What is being asked:
Here the job is to restate every entry word for word.

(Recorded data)
---------------

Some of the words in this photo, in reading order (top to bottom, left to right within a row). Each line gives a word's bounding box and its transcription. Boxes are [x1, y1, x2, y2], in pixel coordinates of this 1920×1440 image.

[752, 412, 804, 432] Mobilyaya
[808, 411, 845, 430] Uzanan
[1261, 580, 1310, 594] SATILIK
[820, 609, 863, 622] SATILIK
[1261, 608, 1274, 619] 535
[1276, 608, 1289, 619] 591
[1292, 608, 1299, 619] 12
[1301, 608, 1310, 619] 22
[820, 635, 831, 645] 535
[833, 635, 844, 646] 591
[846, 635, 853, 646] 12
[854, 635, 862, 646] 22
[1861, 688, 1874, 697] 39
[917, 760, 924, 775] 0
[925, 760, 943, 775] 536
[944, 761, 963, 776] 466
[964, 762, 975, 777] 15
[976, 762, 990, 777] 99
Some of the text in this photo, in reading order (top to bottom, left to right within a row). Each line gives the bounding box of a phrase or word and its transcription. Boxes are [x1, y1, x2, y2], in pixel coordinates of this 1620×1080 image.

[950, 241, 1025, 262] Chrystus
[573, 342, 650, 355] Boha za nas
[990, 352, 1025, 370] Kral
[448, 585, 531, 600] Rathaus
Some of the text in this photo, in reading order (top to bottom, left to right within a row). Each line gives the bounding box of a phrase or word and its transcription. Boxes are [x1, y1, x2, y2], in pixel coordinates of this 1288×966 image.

---------------

Answer section:
Some of the words in this photo, in reading order (top to bottom, left to right within a row). Each line gives a word's bounding box and its transcription. Boxes are [x1, y1, x2, y2], in pixel coordinates of this 1920×1440 image.

[752, 412, 804, 432] Mobilyaya
[808, 411, 845, 430] Uzanan
[1261, 580, 1310, 594] SATILIK
[820, 609, 863, 622] SATILIK
[1261, 608, 1274, 619] 535
[1276, 608, 1289, 619] 591
[1292, 608, 1299, 619] 12
[1301, 608, 1310, 619] 22
[820, 635, 831, 645] 535
[833, 635, 844, 646] 591
[846, 635, 853, 646] 12
[854, 635, 862, 646] 22
[1861, 688, 1874, 697] 39
[917, 760, 924, 775] 0
[925, 760, 943, 775] 536
[944, 761, 963, 776] 466
[964, 762, 975, 777] 15
[976, 762, 990, 777] 99
Some of the text in this photo, in reading order (top to bottom, left to right within a row). Each line gives the bounding box of a phrase or word and its transcription. Boxes are [x1, y1, x2, y2], in pixel coordinates of this 1620×1080 image.

[950, 241, 1025, 262] Chrystus
[573, 342, 650, 355] Boha za nas
[990, 352, 1025, 370] Kral
[448, 585, 531, 600] Rathaus
Some of the text in this photo, in reading order (top to bottom, left to right within a row). Each line gives the bounding box of a phrase or word and its transcription. Boxes are [x1, y1, x2, y2], in pixel coordinates of this 1288×966 image.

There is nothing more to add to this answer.